**Directions**
Output the records exactly, and drop each picture.

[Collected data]

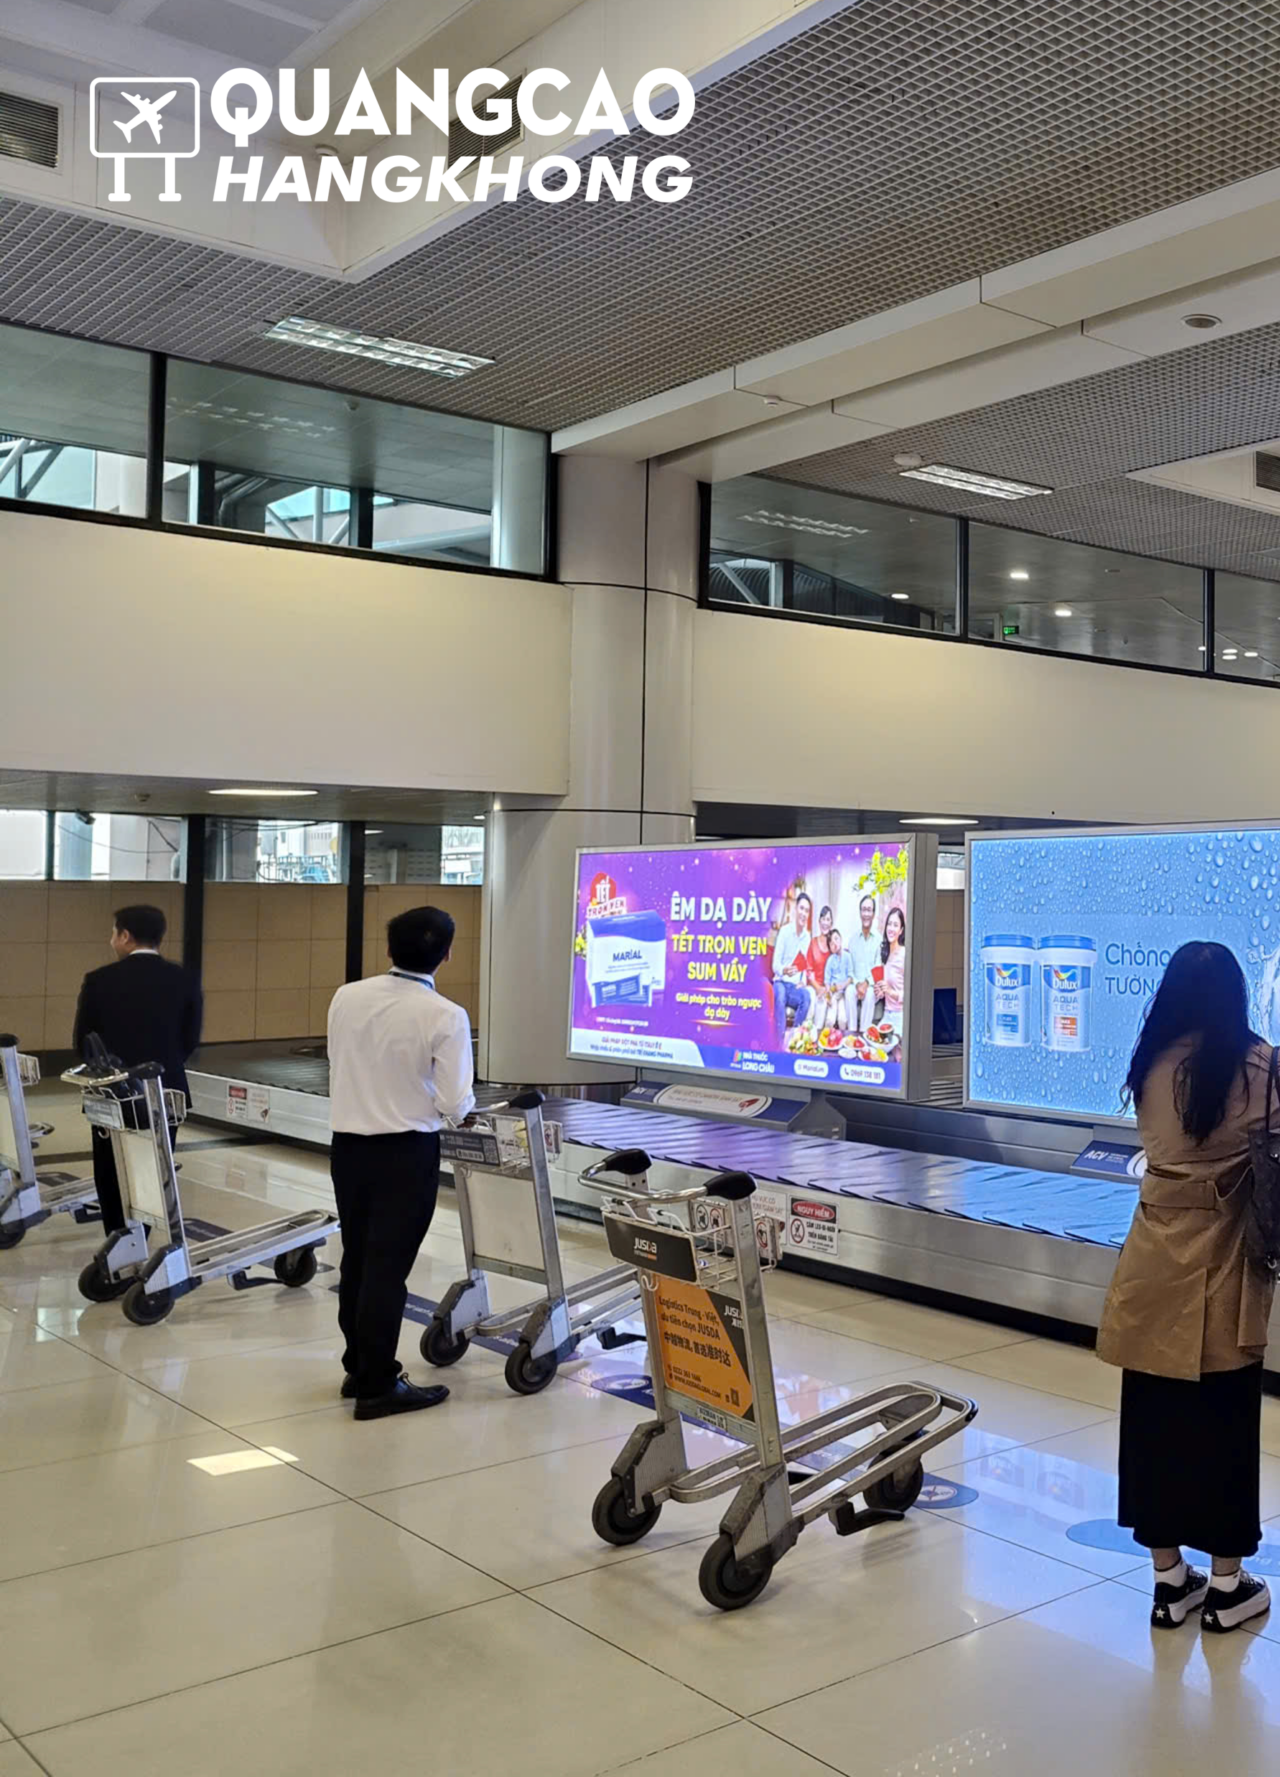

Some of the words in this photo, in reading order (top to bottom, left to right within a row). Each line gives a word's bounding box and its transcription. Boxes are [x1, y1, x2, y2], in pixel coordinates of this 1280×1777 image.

[670, 891, 696, 921] ÊM
[700, 896, 728, 929] DẠ
[732, 890, 773, 922] DÀY
[672, 925, 695, 953] TẾT
[697, 934, 736, 959] TRỌN
[739, 935, 768, 960] VẸN
[687, 961, 718, 981] SUM
[1084, 1149, 1109, 1161] ACV

**Answer area**
Some of the words in this photo, in reading order (top to bottom, left to right within a row). Each line gives a word's bounding box and its transcription. Boxes are [x1, y1, x2, y2], in pixel coordinates of this 1280×1777 image.

[670, 891, 696, 921] ÊM
[700, 896, 728, 929] DẠ
[732, 890, 773, 922] DÀY
[672, 925, 695, 953] TẾT
[697, 934, 736, 959] TRỌN
[739, 935, 768, 960] VẸN
[687, 961, 718, 981] SUM
[1084, 1149, 1109, 1161] ACV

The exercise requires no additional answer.